> WHAT THIS TASK INVOLVES: With the images omitted, return all of the entries exactly as they stand.

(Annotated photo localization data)
........

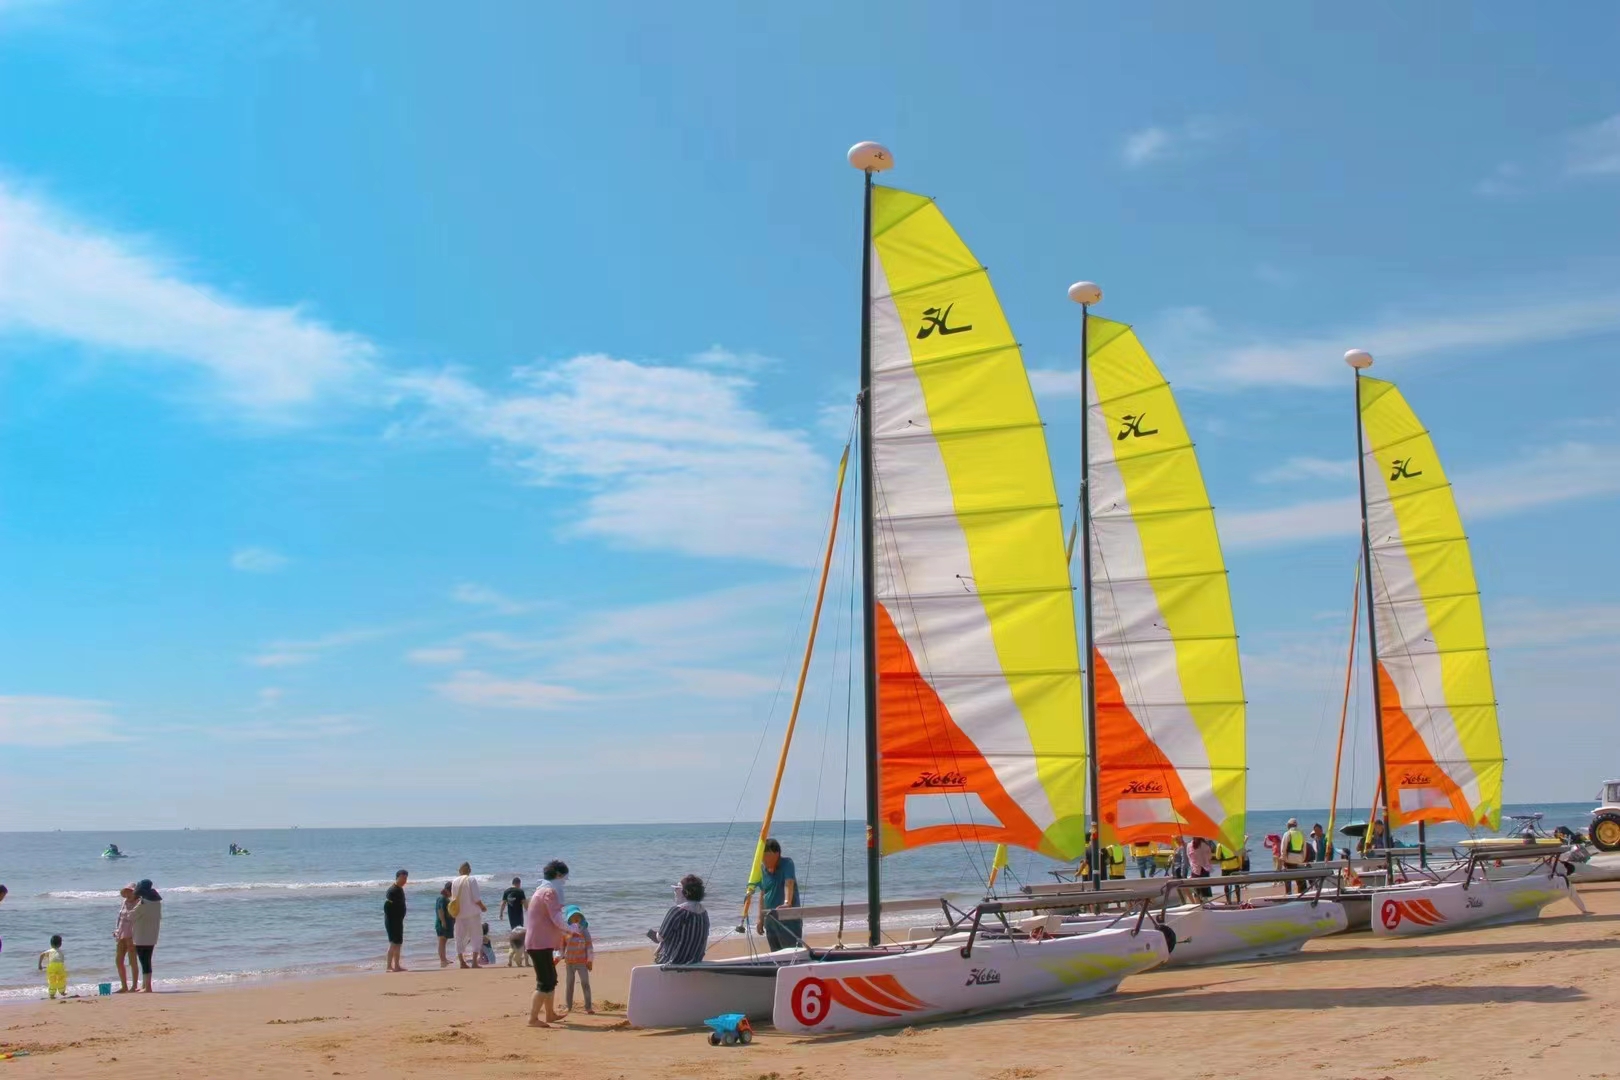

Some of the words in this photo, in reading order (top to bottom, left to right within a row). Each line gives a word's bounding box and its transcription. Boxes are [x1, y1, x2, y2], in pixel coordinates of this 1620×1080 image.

[911, 771, 967, 788] Hobie
[1121, 780, 1163, 794] Hobie
[1386, 903, 1396, 926] 2
[965, 967, 1001, 986] Hobie
[801, 983, 821, 1020] 6

........

> EXERCISE RESULT:
Some of the words in this photo, in reading order (top to bottom, left to right within a row). Each line gives a word's bounding box and its transcription. Boxes are [x1, y1, x2, y2], in pixel coordinates of this 1620×1080 image.

[911, 771, 967, 788] Hobie
[1121, 780, 1163, 794] Hobie
[1386, 903, 1396, 926] 2
[965, 967, 1001, 986] Hobie
[801, 983, 821, 1020] 6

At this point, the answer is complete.